EXTRACTED RECORDS below:

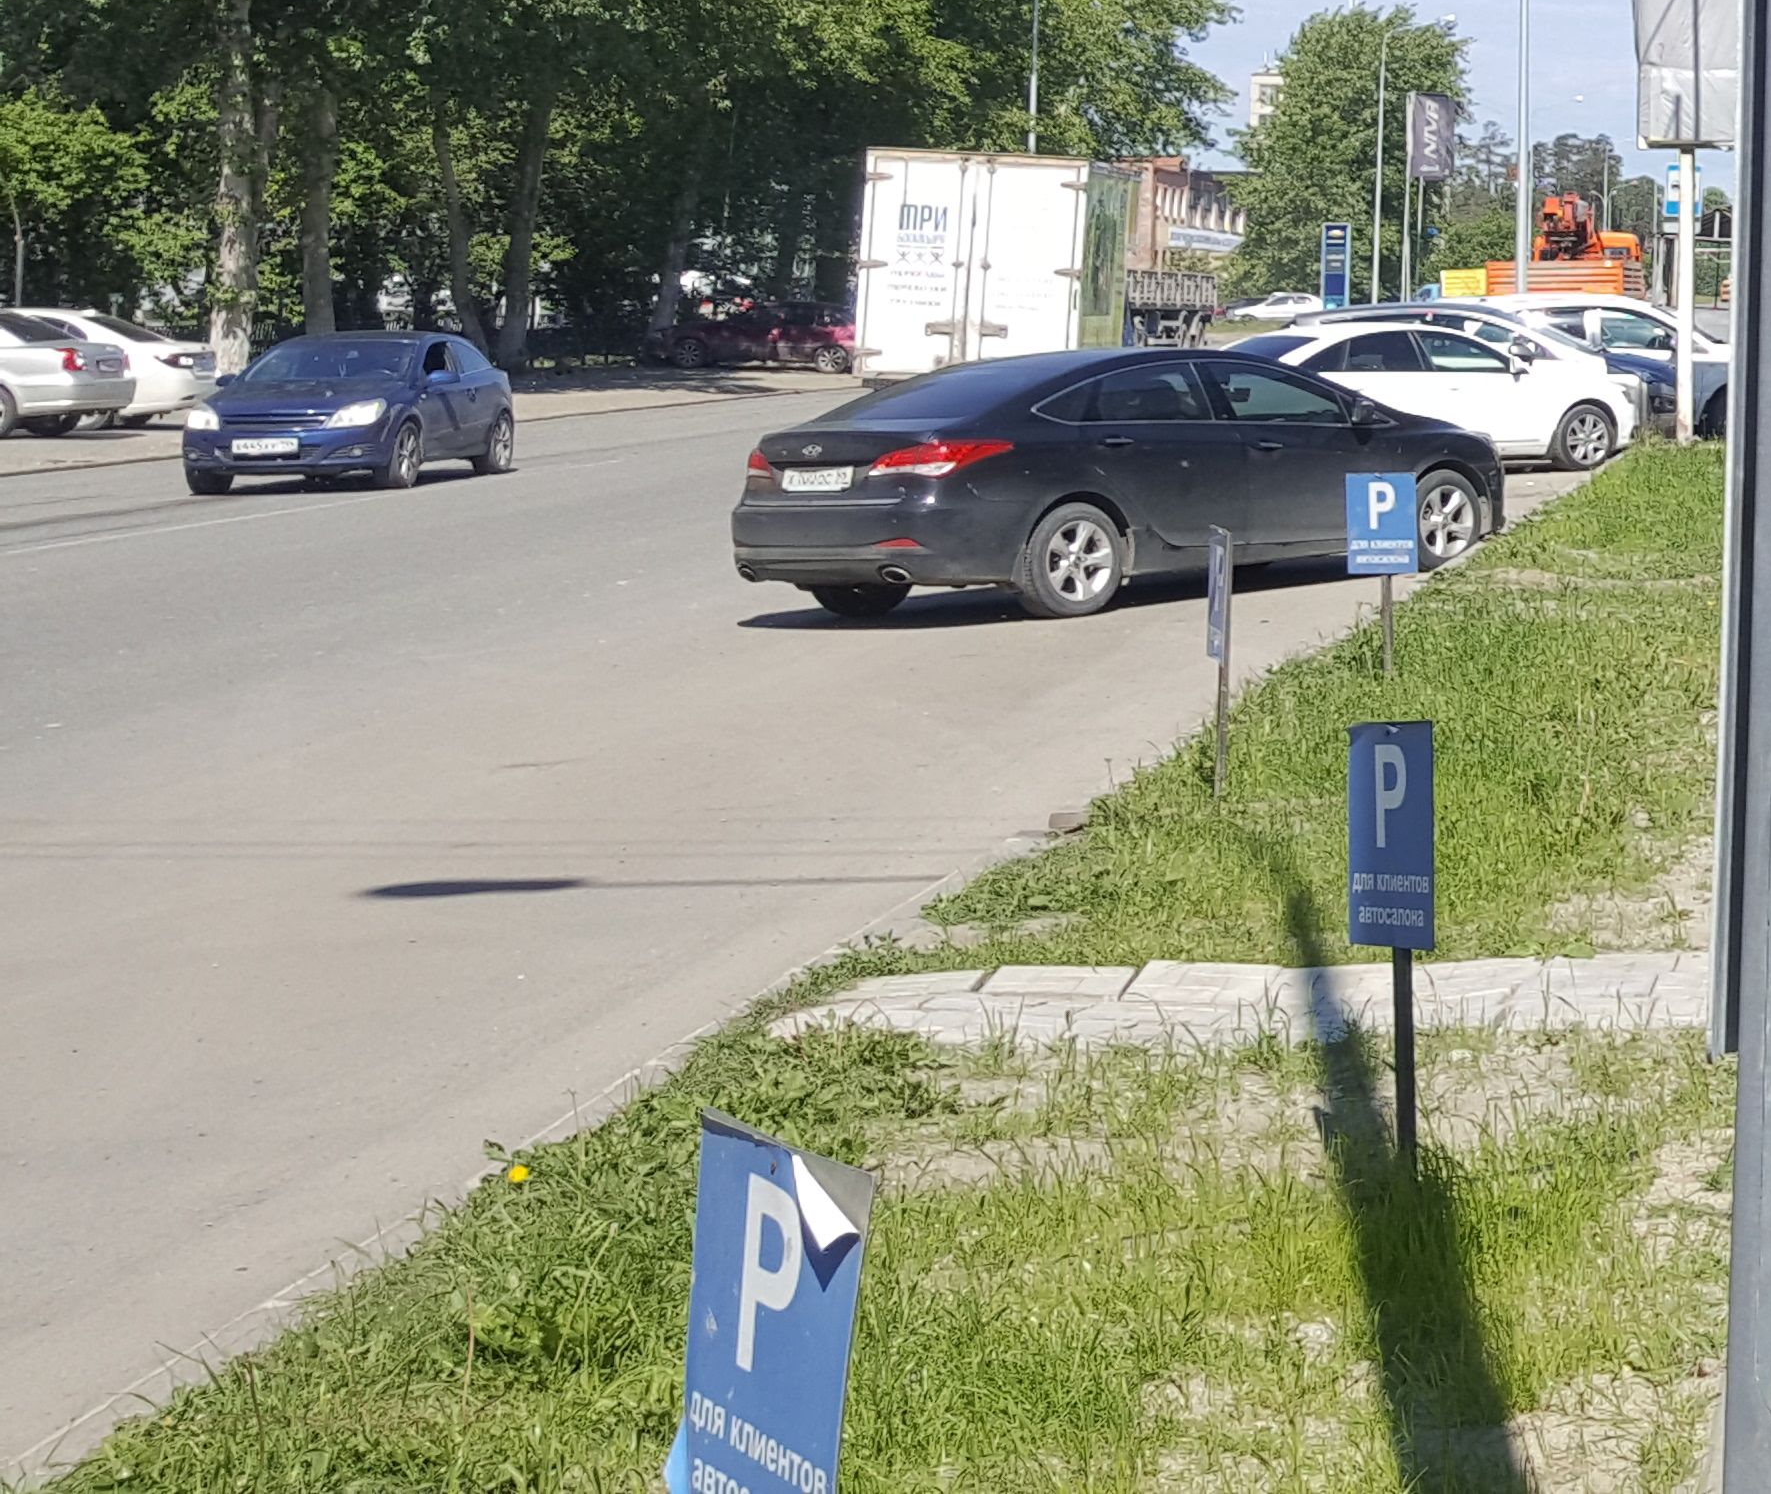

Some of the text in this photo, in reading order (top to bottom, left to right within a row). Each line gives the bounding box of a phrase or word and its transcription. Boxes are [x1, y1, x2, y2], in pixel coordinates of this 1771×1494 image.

[1374, 744, 1407, 848] P
[1352, 873, 1430, 894] для клиентов
[1358, 906, 1425, 927] автосалона
[736, 1172, 802, 1373] P
[689, 1390, 828, 1494] для клиентов
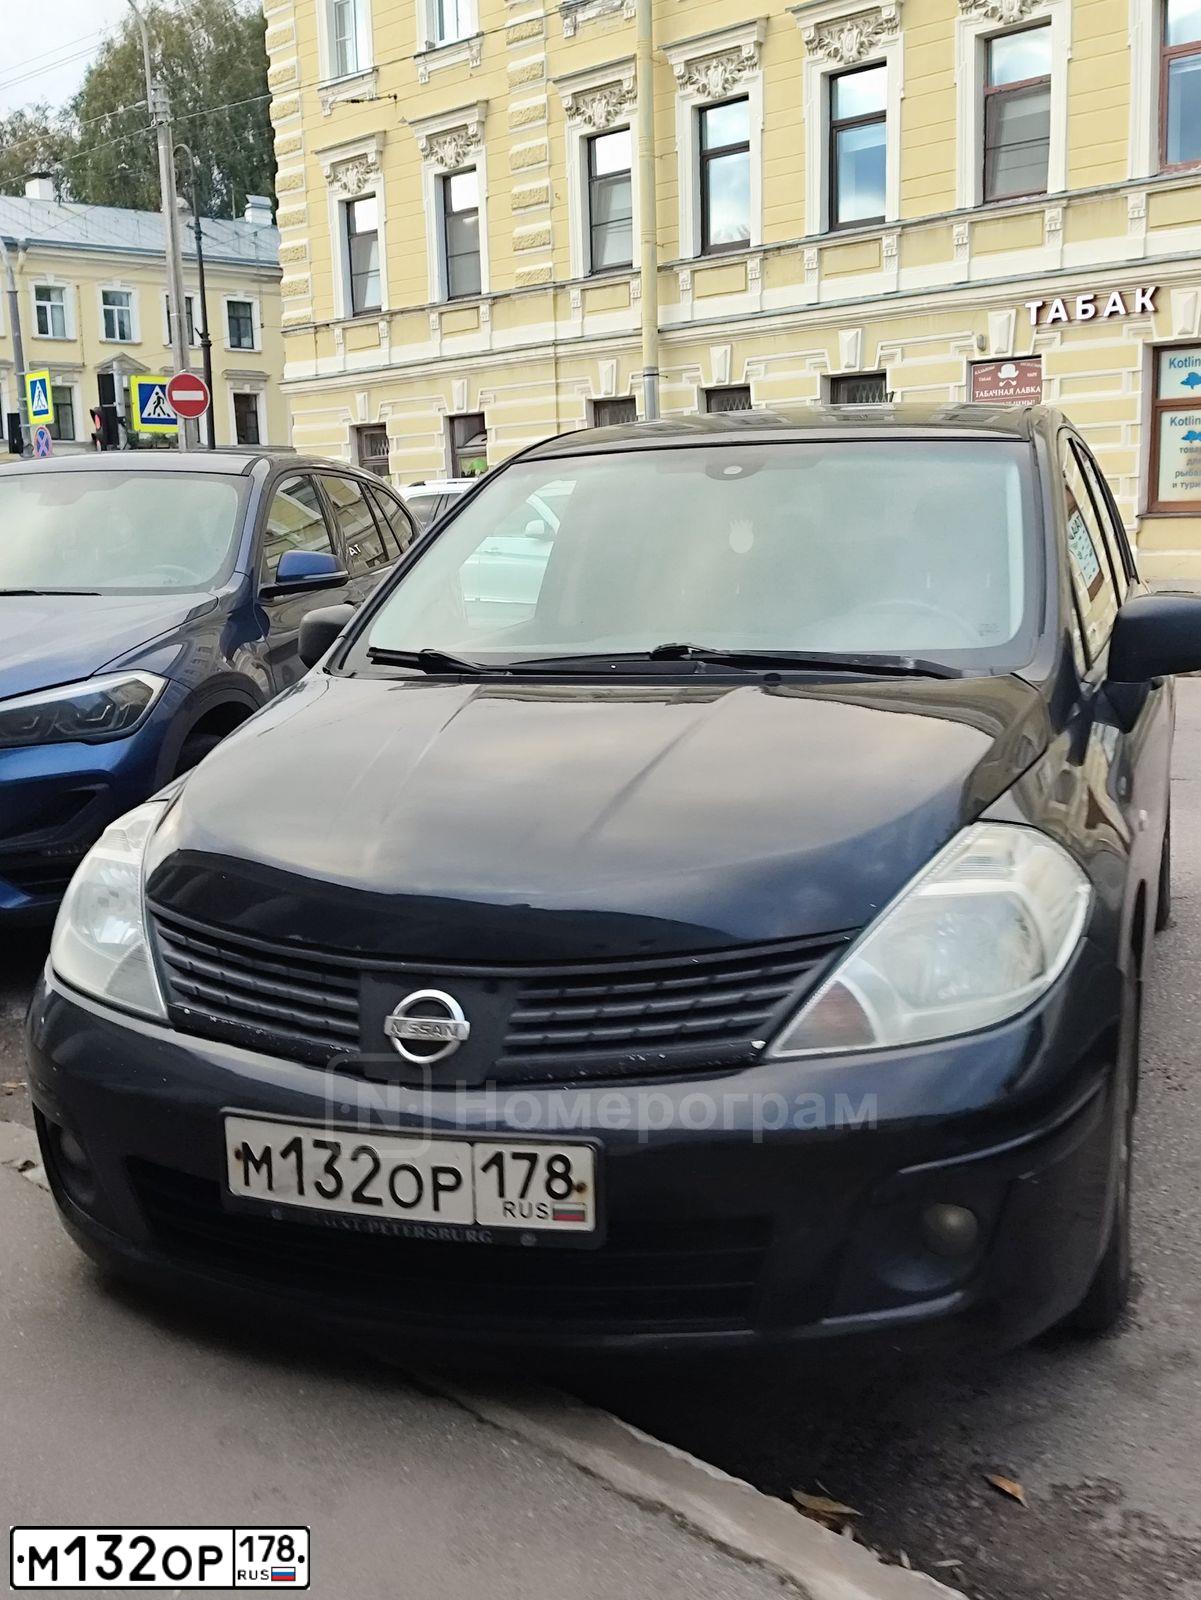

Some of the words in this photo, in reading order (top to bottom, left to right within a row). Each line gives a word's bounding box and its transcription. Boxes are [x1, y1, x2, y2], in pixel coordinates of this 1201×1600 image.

[1025, 286, 1159, 326] ТАБАК
[1169, 356, 1201, 369] Kotlin
[975, 389, 1014, 398] ТАБАЧНАЯ
[1015, 386, 1041, 395] ЛАВКА
[1170, 416, 1201, 427] Kotlin
[1179, 446, 1201, 454] това
[391, 1021, 459, 1040] NISSAN
[241, 1136, 463, 1212] М132ОР
[481, 1151, 574, 1200] 178
[502, 1201, 550, 1219] RUS

End of EXTRACTED RECORDS.

INSTRUCTIONS TO FOLLOW: Without including any picture, set down every line above exactly as it stands.

ANSWER:
Some of the text in this photo, in reading order (top to bottom, left to right within a row). Each line gives the bounding box of a phrase or word and its transcription. Boxes are [x1, y1, x2, y2], in pixel coordinates of this 1771×1494 image.

[1374, 744, 1407, 848] P
[1352, 873, 1430, 894] для клиентов
[1358, 906, 1425, 927] автосалона
[736, 1172, 802, 1373] P
[689, 1390, 828, 1494] для клиентов

Some of the words in this photo, in reading order (top to bottom, left to right within a row). Each line gives a word's bounding box and its transcription. Boxes are [x1, y1, x2, y2], in pixel coordinates of this 1201×1600 image.

[1025, 286, 1159, 326] ТАБАК
[1169, 356, 1201, 369] Kotlin
[975, 389, 1014, 398] ТАБАЧНАЯ
[1015, 386, 1041, 395] ЛАВКА
[1170, 416, 1201, 427] Kotlin
[1179, 446, 1201, 454] това
[391, 1021, 459, 1040] NISSAN
[241, 1136, 463, 1212] М132ОР
[481, 1151, 574, 1200] 178
[502, 1201, 550, 1219] RUS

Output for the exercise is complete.